La journaliste empoigna la masse par la hanche et l'aisselle, et la fit basculer sur le dos en poussant un cri d'effort. L'obèse respirait convulsivement. Il fallut plusieurs minutes pour que son visage terrorisé recouvre un peu de sérénité.
– Quelle était donc cette chose que vous veniez de découvrir et que vous teniez tant à me faire savoir?
– Je voulais vous dire que c'était un sale moment à passer.
– Mais encore?
– Ça ne vous suffit pas?
– Comment? C'est tout ce que vous avez à me dire? Il vous aura donc fallu quatre-vingt-trois années pour savoir ce que chacun sait depuis sa naissance.
– Eh bien voilà, moi, je ne le savais pas. Il aura fallu que je sois sur le point de crever pour comprendre l'horreur, non pas de la mort que nous ignorons tous, mais de l'instant de mourir. C'est un très sale moment à passer. Si les autres humains ont cette prescience, moi je ne l'avais pas.
– Vous vous foutez de ma gueule.
– Non. Pour moi, jusqu'à aujourd'hui, la mort, c'était la mort, point final. Ce n'était ni un bien, ni un mal, c'était disparaître.

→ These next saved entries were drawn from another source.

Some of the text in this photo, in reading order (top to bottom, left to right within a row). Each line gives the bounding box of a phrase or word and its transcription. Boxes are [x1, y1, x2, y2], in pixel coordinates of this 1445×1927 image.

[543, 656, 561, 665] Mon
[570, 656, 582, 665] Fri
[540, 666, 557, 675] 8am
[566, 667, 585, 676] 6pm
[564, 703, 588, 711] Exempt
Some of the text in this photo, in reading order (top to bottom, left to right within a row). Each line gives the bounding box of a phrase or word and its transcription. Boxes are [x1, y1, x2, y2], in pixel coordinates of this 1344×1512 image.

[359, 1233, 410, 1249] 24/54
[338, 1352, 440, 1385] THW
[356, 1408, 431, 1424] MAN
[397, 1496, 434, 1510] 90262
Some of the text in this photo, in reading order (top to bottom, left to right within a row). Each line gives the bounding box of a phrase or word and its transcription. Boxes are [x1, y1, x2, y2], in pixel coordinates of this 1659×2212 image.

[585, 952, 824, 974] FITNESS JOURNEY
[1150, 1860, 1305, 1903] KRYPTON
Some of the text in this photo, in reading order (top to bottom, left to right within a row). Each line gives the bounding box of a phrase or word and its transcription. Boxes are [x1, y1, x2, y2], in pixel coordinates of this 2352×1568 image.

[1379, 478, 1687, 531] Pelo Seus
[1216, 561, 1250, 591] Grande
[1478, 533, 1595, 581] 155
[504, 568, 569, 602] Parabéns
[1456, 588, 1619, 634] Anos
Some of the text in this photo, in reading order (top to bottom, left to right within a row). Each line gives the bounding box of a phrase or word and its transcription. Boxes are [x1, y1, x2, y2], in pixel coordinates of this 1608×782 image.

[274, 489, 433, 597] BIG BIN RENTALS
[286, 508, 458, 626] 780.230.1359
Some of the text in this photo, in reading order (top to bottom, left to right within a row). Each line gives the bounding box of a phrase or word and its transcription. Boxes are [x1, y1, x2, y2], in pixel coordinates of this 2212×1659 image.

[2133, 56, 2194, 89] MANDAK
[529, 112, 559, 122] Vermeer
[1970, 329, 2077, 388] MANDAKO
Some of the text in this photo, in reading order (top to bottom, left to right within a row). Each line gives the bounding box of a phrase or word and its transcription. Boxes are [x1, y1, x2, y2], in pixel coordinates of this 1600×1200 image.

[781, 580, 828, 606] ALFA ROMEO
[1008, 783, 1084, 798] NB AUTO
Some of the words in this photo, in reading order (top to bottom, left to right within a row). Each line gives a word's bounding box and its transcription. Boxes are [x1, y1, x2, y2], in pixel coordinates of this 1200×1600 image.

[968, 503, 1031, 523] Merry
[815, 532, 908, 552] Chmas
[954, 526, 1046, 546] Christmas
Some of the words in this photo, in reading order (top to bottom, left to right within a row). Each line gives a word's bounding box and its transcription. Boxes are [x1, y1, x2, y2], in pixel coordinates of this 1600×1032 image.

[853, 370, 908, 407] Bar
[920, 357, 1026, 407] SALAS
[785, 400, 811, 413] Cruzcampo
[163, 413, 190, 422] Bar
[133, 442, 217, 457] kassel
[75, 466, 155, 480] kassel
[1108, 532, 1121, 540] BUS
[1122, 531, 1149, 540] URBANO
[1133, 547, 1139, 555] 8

Je ne me rendais pas compte qu'il y avait une différence entre cette mort-là et l'instant de la mort, qui est intolérable. Oui, c'est très bizarre: la mort ne me fait toujours pas peur, mais désormais je suerai d'angoisse à l'idée du moment du passage, dût-il ne durer qu'une seconde.
– Vous avez honte, alors?
– Oui et non.
– Merde! Dois-je vous faire ramper à nouveau?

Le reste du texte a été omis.